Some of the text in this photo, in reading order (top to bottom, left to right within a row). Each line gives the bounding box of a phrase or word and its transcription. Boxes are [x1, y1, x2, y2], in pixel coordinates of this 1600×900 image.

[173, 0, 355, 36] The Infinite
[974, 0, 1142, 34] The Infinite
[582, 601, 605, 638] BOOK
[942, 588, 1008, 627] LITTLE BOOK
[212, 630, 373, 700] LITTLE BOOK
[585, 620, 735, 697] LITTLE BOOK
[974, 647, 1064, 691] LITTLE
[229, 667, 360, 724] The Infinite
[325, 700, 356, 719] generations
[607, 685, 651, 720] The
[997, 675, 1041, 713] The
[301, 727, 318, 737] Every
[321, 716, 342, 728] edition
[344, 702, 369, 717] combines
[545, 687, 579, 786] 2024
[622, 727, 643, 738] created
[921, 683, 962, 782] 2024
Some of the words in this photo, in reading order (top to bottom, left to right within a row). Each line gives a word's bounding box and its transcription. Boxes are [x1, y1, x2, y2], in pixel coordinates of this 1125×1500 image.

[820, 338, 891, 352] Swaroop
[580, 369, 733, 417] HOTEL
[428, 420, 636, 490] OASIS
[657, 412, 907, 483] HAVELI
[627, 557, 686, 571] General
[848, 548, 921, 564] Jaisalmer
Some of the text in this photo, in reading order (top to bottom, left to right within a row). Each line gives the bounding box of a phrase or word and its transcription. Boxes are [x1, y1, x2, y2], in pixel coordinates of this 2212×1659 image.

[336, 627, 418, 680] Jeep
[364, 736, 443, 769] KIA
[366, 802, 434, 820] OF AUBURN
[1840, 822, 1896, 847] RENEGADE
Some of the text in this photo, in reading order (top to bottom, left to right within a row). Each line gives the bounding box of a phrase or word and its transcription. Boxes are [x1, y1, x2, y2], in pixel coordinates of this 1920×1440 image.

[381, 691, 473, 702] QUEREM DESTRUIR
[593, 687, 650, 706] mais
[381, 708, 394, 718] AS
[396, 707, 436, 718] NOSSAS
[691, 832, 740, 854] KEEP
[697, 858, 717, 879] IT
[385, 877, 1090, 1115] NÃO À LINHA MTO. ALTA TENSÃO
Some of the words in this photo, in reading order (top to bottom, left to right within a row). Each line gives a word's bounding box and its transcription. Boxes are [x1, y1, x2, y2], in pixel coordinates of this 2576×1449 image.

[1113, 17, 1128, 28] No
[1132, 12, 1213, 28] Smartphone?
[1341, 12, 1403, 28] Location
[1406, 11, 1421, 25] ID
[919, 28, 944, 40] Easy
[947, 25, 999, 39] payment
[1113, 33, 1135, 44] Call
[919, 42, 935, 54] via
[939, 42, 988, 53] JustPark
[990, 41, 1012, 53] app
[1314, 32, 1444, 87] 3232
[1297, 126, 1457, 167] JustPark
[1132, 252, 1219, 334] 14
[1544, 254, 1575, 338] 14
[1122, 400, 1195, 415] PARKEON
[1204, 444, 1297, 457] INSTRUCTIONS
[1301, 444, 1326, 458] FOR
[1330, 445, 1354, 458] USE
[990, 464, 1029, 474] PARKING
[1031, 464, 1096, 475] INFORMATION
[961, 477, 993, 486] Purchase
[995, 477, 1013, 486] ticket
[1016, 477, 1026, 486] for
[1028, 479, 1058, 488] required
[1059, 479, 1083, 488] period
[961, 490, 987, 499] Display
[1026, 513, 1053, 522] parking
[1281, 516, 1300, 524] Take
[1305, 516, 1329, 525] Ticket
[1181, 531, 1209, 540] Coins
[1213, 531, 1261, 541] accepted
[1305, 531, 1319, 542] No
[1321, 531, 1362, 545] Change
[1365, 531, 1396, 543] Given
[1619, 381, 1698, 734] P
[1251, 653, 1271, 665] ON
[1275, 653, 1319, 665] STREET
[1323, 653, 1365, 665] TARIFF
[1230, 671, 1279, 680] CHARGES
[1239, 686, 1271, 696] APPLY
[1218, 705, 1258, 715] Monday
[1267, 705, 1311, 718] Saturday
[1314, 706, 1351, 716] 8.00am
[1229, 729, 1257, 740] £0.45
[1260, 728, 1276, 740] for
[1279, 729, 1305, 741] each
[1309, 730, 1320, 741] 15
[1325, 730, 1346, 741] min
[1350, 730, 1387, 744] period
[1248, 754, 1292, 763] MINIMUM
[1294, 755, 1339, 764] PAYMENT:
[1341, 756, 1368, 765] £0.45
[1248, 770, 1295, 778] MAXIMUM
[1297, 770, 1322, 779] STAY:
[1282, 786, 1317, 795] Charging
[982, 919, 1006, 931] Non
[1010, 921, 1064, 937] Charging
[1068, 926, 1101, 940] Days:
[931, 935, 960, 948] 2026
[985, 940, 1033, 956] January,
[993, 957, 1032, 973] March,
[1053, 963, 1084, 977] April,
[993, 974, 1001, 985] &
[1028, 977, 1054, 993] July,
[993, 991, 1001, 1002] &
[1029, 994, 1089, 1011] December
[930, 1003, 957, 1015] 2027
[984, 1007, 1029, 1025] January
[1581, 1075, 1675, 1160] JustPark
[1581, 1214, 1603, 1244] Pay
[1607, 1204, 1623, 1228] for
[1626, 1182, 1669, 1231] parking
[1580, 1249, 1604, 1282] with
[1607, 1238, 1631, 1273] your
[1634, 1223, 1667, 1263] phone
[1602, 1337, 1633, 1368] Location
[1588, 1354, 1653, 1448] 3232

• _Work to be completed_: Every line of the material is to be set down again verbatim.

• _Response_:
Some of the text in this photo, in reading order (top to bottom, left to right within a row). Each line gives the bounding box of a phrase or word and its transcription. Boxes are [x1, y1, x2, y2], in pixel coordinates of this 1600×900 image.

[173, 0, 355, 36] The Infinite
[974, 0, 1142, 34] The Infinite
[582, 601, 605, 638] BOOK
[942, 588, 1008, 627] LITTLE BOOK
[212, 630, 373, 700] LITTLE BOOK
[585, 620, 735, 697] LITTLE BOOK
[974, 647, 1064, 691] LITTLE
[229, 667, 360, 724] The Infinite
[325, 700, 356, 719] generations
[607, 685, 651, 720] The
[997, 675, 1041, 713] The
[301, 727, 318, 737] Every
[321, 716, 342, 728] edition
[344, 702, 369, 717] combines
[545, 687, 579, 786] 2024
[622, 727, 643, 738] created
[921, 683, 962, 782] 2024
Some of the words in this photo, in reading order (top to bottom, left to right within a row). Each line gives a word's bounding box and its transcription. Boxes are [x1, y1, x2, y2], in pixel coordinates of this 1125×1500 image.

[820, 338, 891, 352] Swaroop
[580, 369, 733, 417] HOTEL
[428, 420, 636, 490] OASIS
[657, 412, 907, 483] HAVELI
[627, 557, 686, 571] General
[848, 548, 921, 564] Jaisalmer
Some of the text in this photo, in reading order (top to bottom, left to right within a row). Each line gives the bounding box of a phrase or word and its transcription. Boxes are [x1, y1, x2, y2], in pixel coordinates of this 2212×1659 image.

[336, 627, 418, 680] Jeep
[364, 736, 443, 769] KIA
[366, 802, 434, 820] OF AUBURN
[1840, 822, 1896, 847] RENEGADE
Some of the text in this photo, in reading order (top to bottom, left to right within a row). Each line gives the bounding box of a phrase or word and its transcription. Boxes are [x1, y1, x2, y2], in pixel coordinates of this 1920×1440 image.

[381, 691, 473, 702] QUEREM DESTRUIR
[593, 687, 650, 706] mais
[381, 708, 394, 718] AS
[396, 707, 436, 718] NOSSAS
[691, 832, 740, 854] KEEP
[697, 858, 717, 879] IT
[385, 877, 1090, 1115] NÃO À LINHA MTO. ALTA TENSÃO
Some of the words in this photo, in reading order (top to bottom, left to right within a row). Each line gives a word's bounding box and its transcription. Boxes are [x1, y1, x2, y2], in pixel coordinates of this 2576×1449 image.

[1113, 17, 1128, 28] No
[1132, 12, 1213, 28] Smartphone?
[1341, 12, 1403, 28] Location
[1406, 11, 1421, 25] ID
[919, 28, 944, 40] Easy
[947, 25, 999, 39] payment
[1113, 33, 1135, 44] Call
[919, 42, 935, 54] via
[939, 42, 988, 53] JustPark
[990, 41, 1012, 53] app
[1314, 32, 1444, 87] 3232
[1297, 126, 1457, 167] JustPark
[1132, 252, 1219, 334] 14
[1544, 254, 1575, 338] 14
[1122, 400, 1195, 415] PARKEON
[1204, 444, 1297, 457] INSTRUCTIONS
[1301, 444, 1326, 458] FOR
[1330, 445, 1354, 458] USE
[990, 464, 1029, 474] PARKING
[1031, 464, 1096, 475] INFORMATION
[961, 477, 993, 486] Purchase
[995, 477, 1013, 486] ticket
[1016, 477, 1026, 486] for
[1028, 479, 1058, 488] required
[1059, 479, 1083, 488] period
[961, 490, 987, 499] Display
[1026, 513, 1053, 522] parking
[1281, 516, 1300, 524] Take
[1305, 516, 1329, 525] Ticket
[1181, 531, 1209, 540] Coins
[1213, 531, 1261, 541] accepted
[1305, 531, 1319, 542] No
[1321, 531, 1362, 545] Change
[1365, 531, 1396, 543] Given
[1619, 381, 1698, 734] P
[1251, 653, 1271, 665] ON
[1275, 653, 1319, 665] STREET
[1323, 653, 1365, 665] TARIFF
[1230, 671, 1279, 680] CHARGES
[1239, 686, 1271, 696] APPLY
[1218, 705, 1258, 715] Monday
[1267, 705, 1311, 718] Saturday
[1314, 706, 1351, 716] 8.00am
[1229, 729, 1257, 740] £0.45
[1260, 728, 1276, 740] for
[1279, 729, 1305, 741] each
[1309, 730, 1320, 741] 15
[1325, 730, 1346, 741] min
[1350, 730, 1387, 744] period
[1248, 754, 1292, 763] MINIMUM
[1294, 755, 1339, 764] PAYMENT:
[1341, 756, 1368, 765] £0.45
[1248, 770, 1295, 778] MAXIMUM
[1297, 770, 1322, 779] STAY:
[1282, 786, 1317, 795] Charging
[982, 919, 1006, 931] Non
[1010, 921, 1064, 937] Charging
[1068, 926, 1101, 940] Days:
[931, 935, 960, 948] 2026
[985, 940, 1033, 956] January,
[993, 957, 1032, 973] March,
[1053, 963, 1084, 977] April,
[993, 974, 1001, 985] &
[1028, 977, 1054, 993] July,
[993, 991, 1001, 1002] &
[1029, 994, 1089, 1011] December
[930, 1003, 957, 1015] 2027
[984, 1007, 1029, 1025] January
[1581, 1075, 1675, 1160] JustPark
[1581, 1214, 1603, 1244] Pay
[1607, 1204, 1623, 1228] for
[1626, 1182, 1669, 1231] parking
[1580, 1249, 1604, 1282] with
[1607, 1238, 1631, 1273] your
[1634, 1223, 1667, 1263] phone
[1602, 1337, 1633, 1368] Location
[1588, 1354, 1653, 1448] 3232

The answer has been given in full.